Melo, jestes moze bratem blixniakiem tetejro ? to by wyjasnialo wiele, a przynajmneij natręctwa :-)
Twoja narracja :
Moze ludzie oczekuja czegos wiecej od dxwieku niz tanie glosniki dynamiczne w ukladach wielodroznych (EMS kosztuje 950euro jak pisał Wally) w jakichs liniach transmisyjnych ?
Moze ludzi interesuje bas przypominajacy ten na żywo a nie taki słyszany 30 lat temu z zestawów sat-sub Tonsilu ?
...choć niewykluczone ze wielu wlasnie taki i to jest ich nirvana.
Nie wiem co Ci to daje, nawet sie tym nie interesujesz, to tak jakby jakis nawidzony biegal po wątkach o liniach transmisyjnych czy wielodrożniakach ogólnie z komentarzami typu "uśmiech mony lisy" + badziew.
Wally, ja Tobie rozwinę myśl Melo, najlepszym lub co najmniej znakomitym pomysłem w audio jest linia transmisyjna, ale nie taka firmowa, nawet za 100Kzł bo one nie sa zrobione jak trzeba, tylko taka DIY,
Melo spedził mnostwo czasu na opracowanie takiej i taką ma. Ja tam sie ciesze ze osiągnął sukces i nirvane, albo blisko niej - nawet nie wiem trzeba by zapytac, pisze o nirvanie wiec chyba wie o czym. Tu akurat serio.
Druga sprawa glośnik nie moze byc szerokopasmowy bo po co by wtedy byly tłitery ? a wiadomo ze najlepsza gore maja tłitery tak jak najlepsze kasztany są na Placu Pigalle;-)
A skoro mamy dwie drogi to mamy etos linii transmisyjnej z co najmniej 2 drogami.

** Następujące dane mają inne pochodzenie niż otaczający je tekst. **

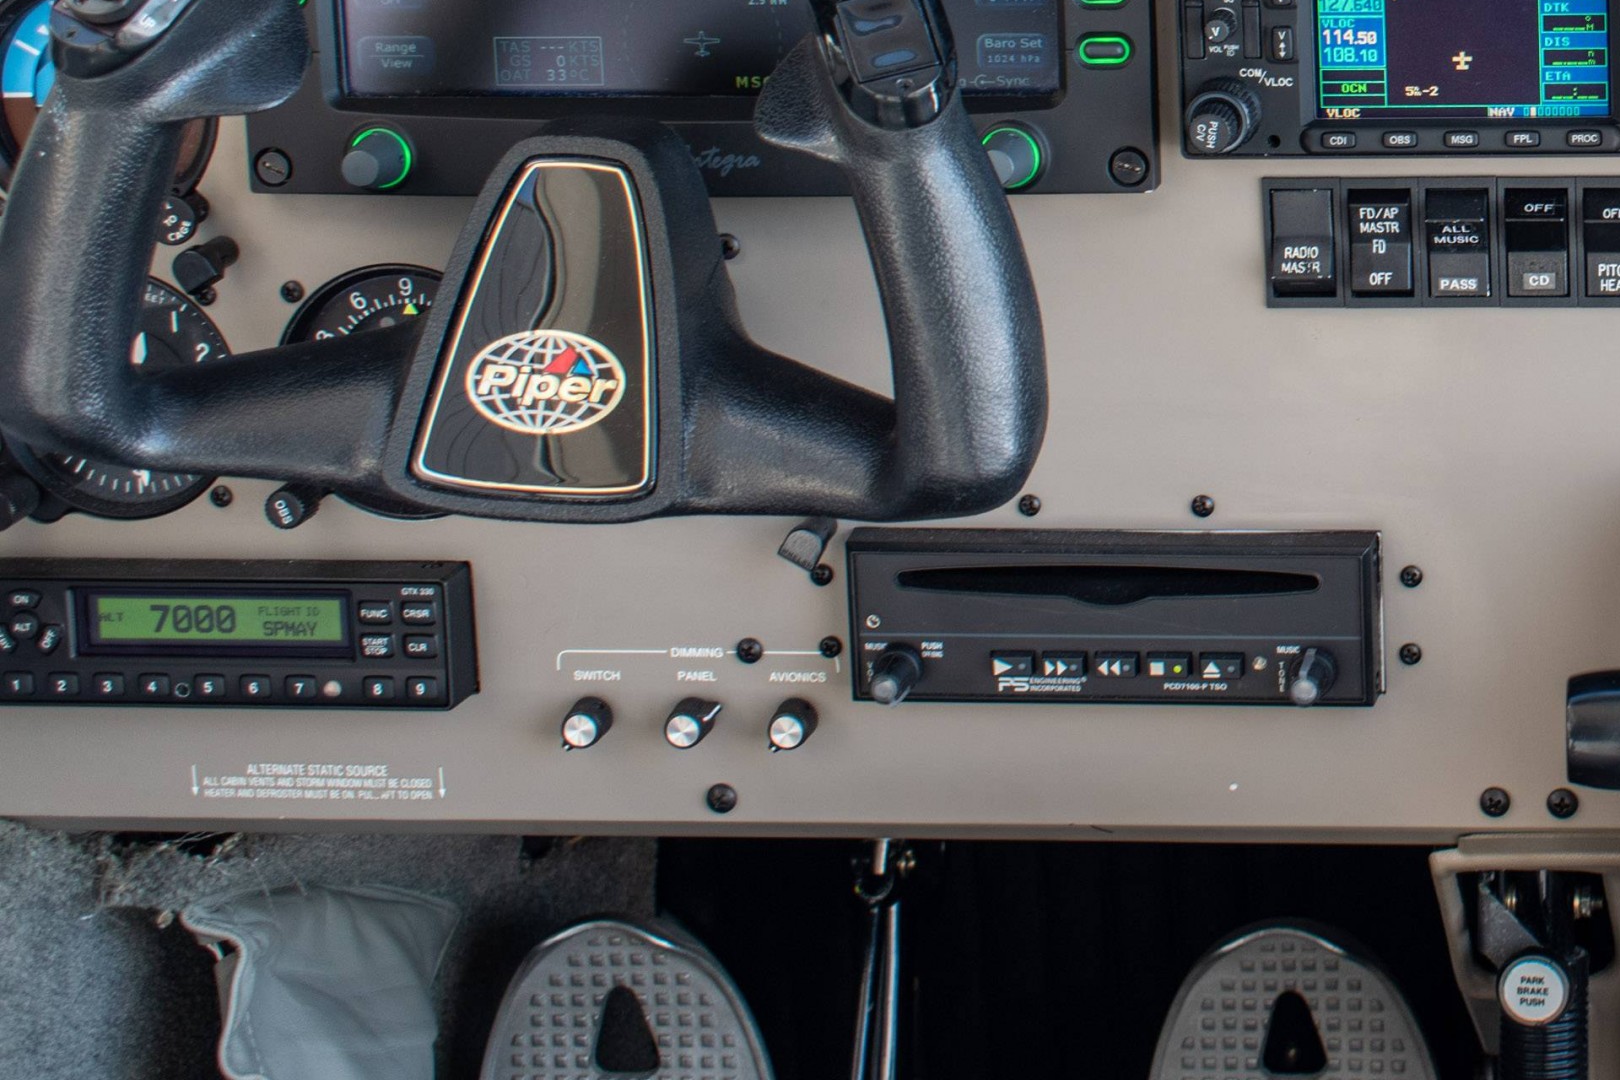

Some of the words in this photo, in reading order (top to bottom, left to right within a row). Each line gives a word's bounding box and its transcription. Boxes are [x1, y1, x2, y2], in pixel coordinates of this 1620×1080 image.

Oczywiscie jak będą 3 drogi to może być tylko lepiej, dla bardziej wymagających zawsze można zrobić 4 drogi itd :-)))
Melo, prośba, sprawdź czy cie nie ma we wątku o liniach transmisyjnych, obiecuje ze mnie tam nie znajdziesz bo w przeciwienstwie do Ciebie nie mam misji.